→ TASK STATEMENT
Hand back the entries below exactly.

(Records from a data source)

---

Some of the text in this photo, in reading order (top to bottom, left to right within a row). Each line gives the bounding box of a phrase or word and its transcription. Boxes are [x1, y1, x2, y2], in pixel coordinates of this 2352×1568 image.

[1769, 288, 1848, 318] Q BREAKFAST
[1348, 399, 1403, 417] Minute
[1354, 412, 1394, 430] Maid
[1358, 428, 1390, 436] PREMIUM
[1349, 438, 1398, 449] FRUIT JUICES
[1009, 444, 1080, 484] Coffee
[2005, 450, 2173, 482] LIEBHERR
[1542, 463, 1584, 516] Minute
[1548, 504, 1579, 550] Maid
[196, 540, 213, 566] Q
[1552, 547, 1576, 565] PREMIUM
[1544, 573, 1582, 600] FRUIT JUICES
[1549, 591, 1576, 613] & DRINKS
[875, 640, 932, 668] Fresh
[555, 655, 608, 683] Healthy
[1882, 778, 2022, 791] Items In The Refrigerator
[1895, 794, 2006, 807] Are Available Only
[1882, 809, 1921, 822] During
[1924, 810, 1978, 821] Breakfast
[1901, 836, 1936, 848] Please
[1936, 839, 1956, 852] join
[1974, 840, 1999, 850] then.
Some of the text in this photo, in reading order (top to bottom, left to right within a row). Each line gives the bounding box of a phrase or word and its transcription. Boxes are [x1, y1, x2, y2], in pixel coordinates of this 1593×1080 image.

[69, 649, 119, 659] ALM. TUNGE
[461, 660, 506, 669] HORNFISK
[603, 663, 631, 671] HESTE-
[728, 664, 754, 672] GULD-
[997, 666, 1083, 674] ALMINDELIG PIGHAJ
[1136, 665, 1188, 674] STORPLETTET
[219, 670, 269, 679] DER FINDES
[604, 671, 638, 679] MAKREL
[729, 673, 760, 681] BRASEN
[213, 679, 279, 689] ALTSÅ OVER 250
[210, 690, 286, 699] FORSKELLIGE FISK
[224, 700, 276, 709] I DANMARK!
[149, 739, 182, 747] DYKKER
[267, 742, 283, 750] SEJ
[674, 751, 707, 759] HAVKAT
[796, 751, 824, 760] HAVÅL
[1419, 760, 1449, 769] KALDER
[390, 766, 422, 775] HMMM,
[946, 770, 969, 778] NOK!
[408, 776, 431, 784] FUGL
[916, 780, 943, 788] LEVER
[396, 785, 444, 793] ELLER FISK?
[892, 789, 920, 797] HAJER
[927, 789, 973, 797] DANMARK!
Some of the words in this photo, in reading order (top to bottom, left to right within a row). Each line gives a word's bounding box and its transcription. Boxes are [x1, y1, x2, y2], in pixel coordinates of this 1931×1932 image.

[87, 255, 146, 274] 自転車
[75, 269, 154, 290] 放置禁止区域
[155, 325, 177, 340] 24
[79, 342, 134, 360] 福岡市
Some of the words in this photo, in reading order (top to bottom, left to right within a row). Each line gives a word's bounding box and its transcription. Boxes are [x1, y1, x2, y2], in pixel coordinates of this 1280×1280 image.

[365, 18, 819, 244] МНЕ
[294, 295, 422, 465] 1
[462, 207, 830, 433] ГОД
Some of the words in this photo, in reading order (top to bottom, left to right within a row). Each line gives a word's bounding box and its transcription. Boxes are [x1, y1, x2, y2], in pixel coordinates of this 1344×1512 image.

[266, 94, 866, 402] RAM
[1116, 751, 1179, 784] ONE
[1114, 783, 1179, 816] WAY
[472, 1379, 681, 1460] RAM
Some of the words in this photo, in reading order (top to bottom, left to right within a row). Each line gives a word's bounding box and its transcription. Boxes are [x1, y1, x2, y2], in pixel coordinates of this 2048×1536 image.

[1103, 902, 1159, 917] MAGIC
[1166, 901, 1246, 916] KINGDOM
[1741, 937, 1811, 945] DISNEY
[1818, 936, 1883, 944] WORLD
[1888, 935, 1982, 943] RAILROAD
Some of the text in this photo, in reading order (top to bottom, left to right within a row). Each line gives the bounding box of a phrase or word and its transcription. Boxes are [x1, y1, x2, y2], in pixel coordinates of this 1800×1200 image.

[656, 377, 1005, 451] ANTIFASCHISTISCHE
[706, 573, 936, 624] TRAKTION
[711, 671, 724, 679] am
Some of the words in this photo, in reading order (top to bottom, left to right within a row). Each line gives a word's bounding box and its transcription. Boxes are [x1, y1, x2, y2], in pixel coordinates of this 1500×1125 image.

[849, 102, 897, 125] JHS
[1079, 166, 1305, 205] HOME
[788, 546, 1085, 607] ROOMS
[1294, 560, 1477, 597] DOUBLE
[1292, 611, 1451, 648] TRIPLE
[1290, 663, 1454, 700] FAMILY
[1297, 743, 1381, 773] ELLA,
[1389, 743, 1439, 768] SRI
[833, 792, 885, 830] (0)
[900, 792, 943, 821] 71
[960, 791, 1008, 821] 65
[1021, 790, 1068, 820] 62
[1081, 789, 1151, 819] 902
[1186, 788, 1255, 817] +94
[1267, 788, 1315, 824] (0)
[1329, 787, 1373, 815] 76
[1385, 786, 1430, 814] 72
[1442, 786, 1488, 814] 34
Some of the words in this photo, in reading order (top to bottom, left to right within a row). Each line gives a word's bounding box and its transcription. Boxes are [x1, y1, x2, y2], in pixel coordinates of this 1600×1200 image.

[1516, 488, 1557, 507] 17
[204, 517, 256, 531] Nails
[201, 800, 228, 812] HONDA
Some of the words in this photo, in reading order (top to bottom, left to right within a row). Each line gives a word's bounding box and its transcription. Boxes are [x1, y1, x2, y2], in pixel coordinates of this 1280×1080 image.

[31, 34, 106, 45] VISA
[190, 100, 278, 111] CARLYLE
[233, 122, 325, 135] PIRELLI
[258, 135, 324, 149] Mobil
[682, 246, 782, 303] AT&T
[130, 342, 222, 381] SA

---

→ SOLUTION FOR THIS PROBLEM
Some of the text in this photo, in reading order (top to bottom, left to right within a row). Each line gives the bounding box of a phrase or word and its transcription. Boxes are [x1, y1, x2, y2], in pixel coordinates of this 2352×1568 image.

[1769, 288, 1848, 318] Q BREAKFAST
[1348, 399, 1403, 417] Minute
[1354, 412, 1394, 430] Maid
[1358, 428, 1390, 436] PREMIUM
[1349, 438, 1398, 449] FRUIT JUICES
[1009, 444, 1080, 484] Coffee
[2005, 450, 2173, 482] LIEBHERR
[1542, 463, 1584, 516] Minute
[1548, 504, 1579, 550] Maid
[196, 540, 213, 566] Q
[1552, 547, 1576, 565] PREMIUM
[1544, 573, 1582, 600] FRUIT JUICES
[1549, 591, 1576, 613] & DRINKS
[875, 640, 932, 668] Fresh
[555, 655, 608, 683] Healthy
[1882, 778, 2022, 791] Items In The Refrigerator
[1895, 794, 2006, 807] Are Available Only
[1882, 809, 1921, 822] During
[1924, 810, 1978, 821] Breakfast
[1901, 836, 1936, 848] Please
[1936, 839, 1956, 852] join
[1974, 840, 1999, 850] then.
Some of the text in this photo, in reading order (top to bottom, left to right within a row). Each line gives the bounding box of a phrase or word and its transcription. Boxes are [x1, y1, x2, y2], in pixel coordinates of this 1593×1080 image.

[69, 649, 119, 659] ALM. TUNGE
[461, 660, 506, 669] HORNFISK
[603, 663, 631, 671] HESTE-
[728, 664, 754, 672] GULD-
[997, 666, 1083, 674] ALMINDELIG PIGHAJ
[1136, 665, 1188, 674] STORPLETTET
[219, 670, 269, 679] DER FINDES
[604, 671, 638, 679] MAKREL
[729, 673, 760, 681] BRASEN
[213, 679, 279, 689] ALTSÅ OVER 250
[210, 690, 286, 699] FORSKELLIGE FISK
[224, 700, 276, 709] I DANMARK!
[149, 739, 182, 747] DYKKER
[267, 742, 283, 750] SEJ
[674, 751, 707, 759] HAVKAT
[796, 751, 824, 760] HAVÅL
[1419, 760, 1449, 769] KALDER
[390, 766, 422, 775] HMMM,
[946, 770, 969, 778] NOK!
[408, 776, 431, 784] FUGL
[916, 780, 943, 788] LEVER
[396, 785, 444, 793] ELLER FISK?
[892, 789, 920, 797] HAJER
[927, 789, 973, 797] DANMARK!
Some of the words in this photo, in reading order (top to bottom, left to right within a row). Each line gives a word's bounding box and its transcription. Boxes are [x1, y1, x2, y2], in pixel coordinates of this 1931×1932 image.

[87, 255, 146, 274] 自転車
[75, 269, 154, 290] 放置禁止区域
[155, 325, 177, 340] 24
[79, 342, 134, 360] 福岡市
Some of the words in this photo, in reading order (top to bottom, left to right within a row). Each line gives a word's bounding box and its transcription. Boxes are [x1, y1, x2, y2], in pixel coordinates of this 1280×1280 image.

[365, 18, 819, 244] МНЕ
[294, 295, 422, 465] 1
[462, 207, 830, 433] ГОД
Some of the words in this photo, in reading order (top to bottom, left to right within a row). Each line gives a word's bounding box and its transcription. Boxes are [x1, y1, x2, y2], in pixel coordinates of this 1344×1512 image.

[266, 94, 866, 402] RAM
[1116, 751, 1179, 784] ONE
[1114, 783, 1179, 816] WAY
[472, 1379, 681, 1460] RAM
Some of the words in this photo, in reading order (top to bottom, left to right within a row). Each line gives a word's bounding box and its transcription. Boxes are [x1, y1, x2, y2], in pixel coordinates of this 2048×1536 image.

[1103, 902, 1159, 917] MAGIC
[1166, 901, 1246, 916] KINGDOM
[1741, 937, 1811, 945] DISNEY
[1818, 936, 1883, 944] WORLD
[1888, 935, 1982, 943] RAILROAD
Some of the text in this photo, in reading order (top to bottom, left to right within a row). Each line gives the bounding box of a phrase or word and its transcription. Boxes are [x1, y1, x2, y2], in pixel coordinates of this 1800×1200 image.

[656, 377, 1005, 451] ANTIFASCHISTISCHE
[706, 573, 936, 624] TRAKTION
[711, 671, 724, 679] am
Some of the words in this photo, in reading order (top to bottom, left to right within a row). Each line gives a word's bounding box and its transcription. Boxes are [x1, y1, x2, y2], in pixel coordinates of this 1500×1125 image.

[849, 102, 897, 125] JHS
[1079, 166, 1305, 205] HOME
[788, 546, 1085, 607] ROOMS
[1294, 560, 1477, 597] DOUBLE
[1292, 611, 1451, 648] TRIPLE
[1290, 663, 1454, 700] FAMILY
[1297, 743, 1381, 773] ELLA,
[1389, 743, 1439, 768] SRI
[833, 792, 885, 830] (0)
[900, 792, 943, 821] 71
[960, 791, 1008, 821] 65
[1021, 790, 1068, 820] 62
[1081, 789, 1151, 819] 902
[1186, 788, 1255, 817] +94
[1267, 788, 1315, 824] (0)
[1329, 787, 1373, 815] 76
[1385, 786, 1430, 814] 72
[1442, 786, 1488, 814] 34
Some of the words in this photo, in reading order (top to bottom, left to right within a row). Each line gives a word's bounding box and its transcription. Boxes are [x1, y1, x2, y2], in pixel coordinates of this 1600×1200 image.

[1516, 488, 1557, 507] 17
[204, 517, 256, 531] Nails
[201, 800, 228, 812] HONDA
Some of the words in this photo, in reading order (top to bottom, left to right within a row). Each line gives a word's bounding box and its transcription. Boxes are [x1, y1, x2, y2], in pixel coordinates of this 1280×1080 image.

[31, 34, 106, 45] VISA
[190, 100, 278, 111] CARLYLE
[233, 122, 325, 135] PIRELLI
[258, 135, 324, 149] Mobil
[682, 246, 782, 303] AT&T
[130, 342, 222, 381] SA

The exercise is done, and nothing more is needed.